• Try it:
Below is a set of records, and all of them should be retyped exactly, minus the pictures.

• Given information:
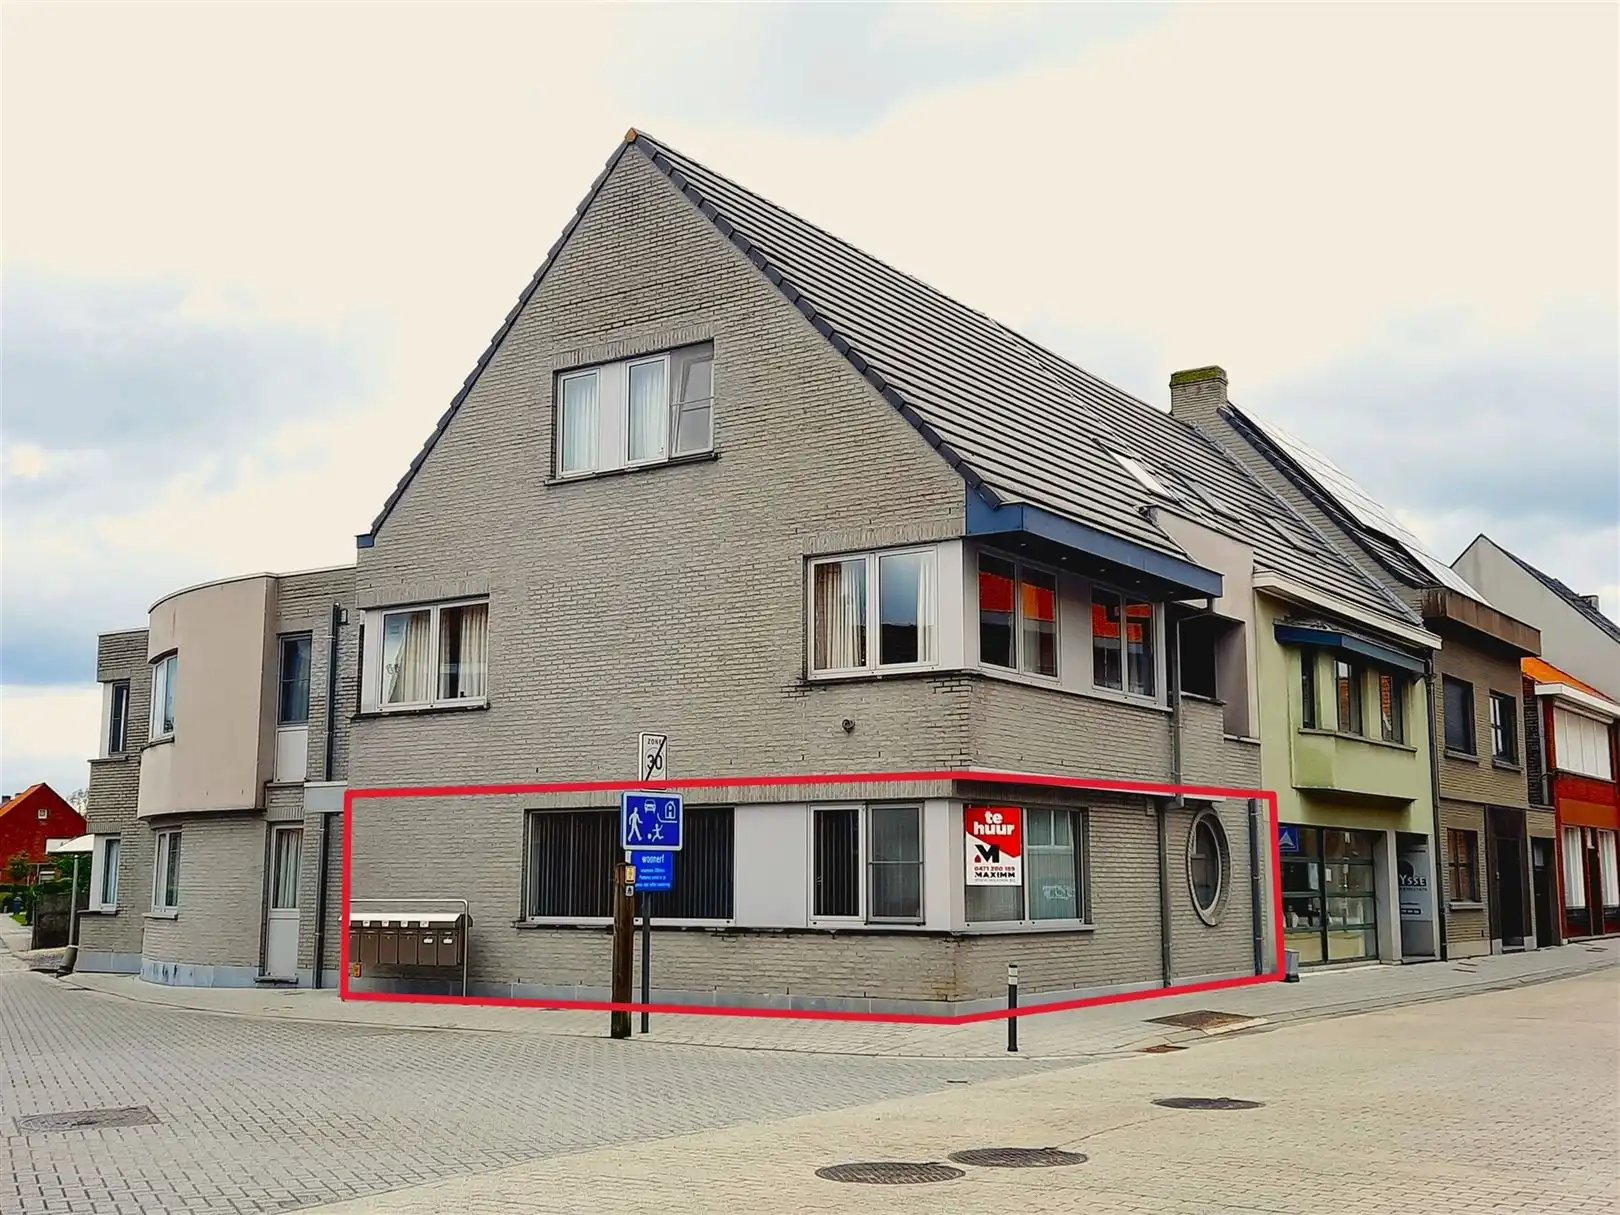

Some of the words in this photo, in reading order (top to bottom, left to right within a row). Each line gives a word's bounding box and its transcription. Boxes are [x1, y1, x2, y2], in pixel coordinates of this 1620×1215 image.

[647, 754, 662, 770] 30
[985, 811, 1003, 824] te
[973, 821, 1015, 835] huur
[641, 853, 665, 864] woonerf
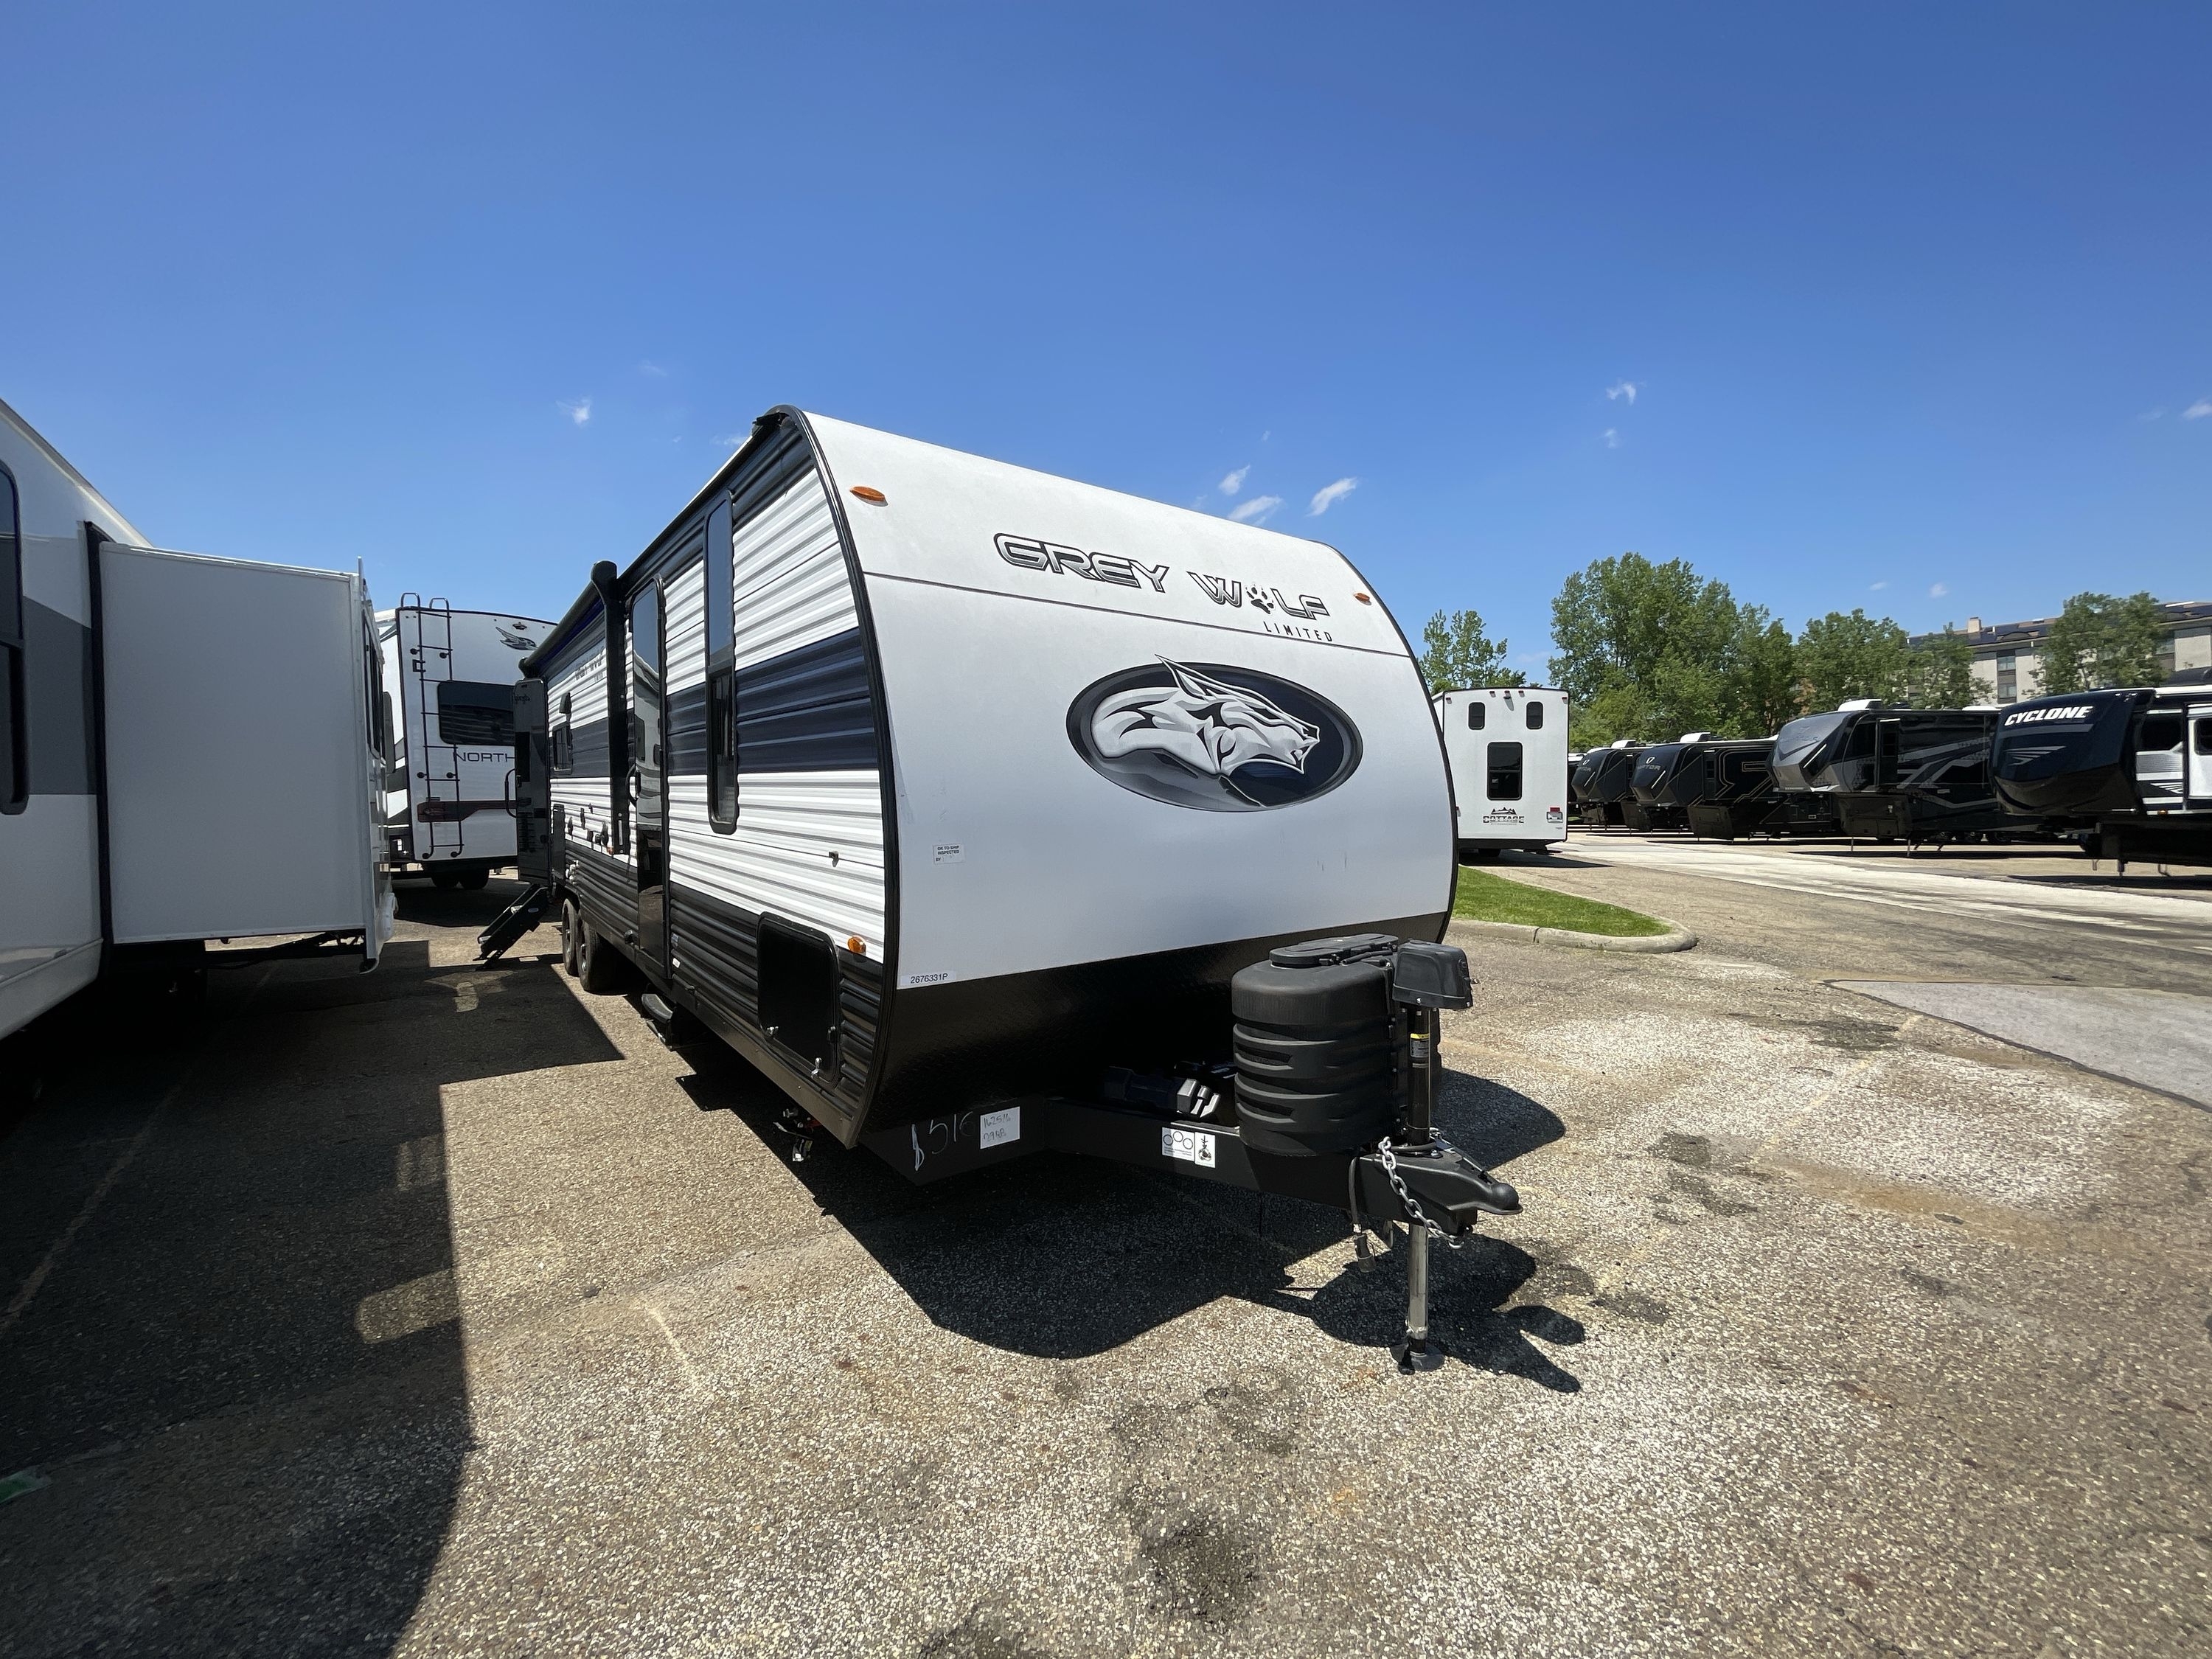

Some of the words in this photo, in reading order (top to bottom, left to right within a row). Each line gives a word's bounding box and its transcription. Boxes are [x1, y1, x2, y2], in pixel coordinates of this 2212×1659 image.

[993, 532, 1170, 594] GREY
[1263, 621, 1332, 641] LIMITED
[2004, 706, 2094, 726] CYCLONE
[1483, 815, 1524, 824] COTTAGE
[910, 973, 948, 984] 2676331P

• The answer:
Some of the words in this photo, in reading order (top to bottom, left to right within a row). Each line gives a word's bounding box and its transcription. Boxes are [x1, y1, x2, y2], in pixel coordinates of this 1620×1215 image.

[647, 754, 662, 770] 30
[985, 811, 1003, 824] te
[973, 821, 1015, 835] huur
[641, 853, 665, 864] woonerf

Some of the words in this photo, in reading order (top to bottom, left to right within a row). Each line gives a word's bounding box and its transcription. Boxes are [x1, y1, x2, y2], in pixel coordinates of this 2212×1659 image.

[993, 532, 1170, 594] GREY
[1263, 621, 1332, 641] LIMITED
[2004, 706, 2094, 726] CYCLONE
[1483, 815, 1524, 824] COTTAGE
[910, 973, 948, 984] 2676331P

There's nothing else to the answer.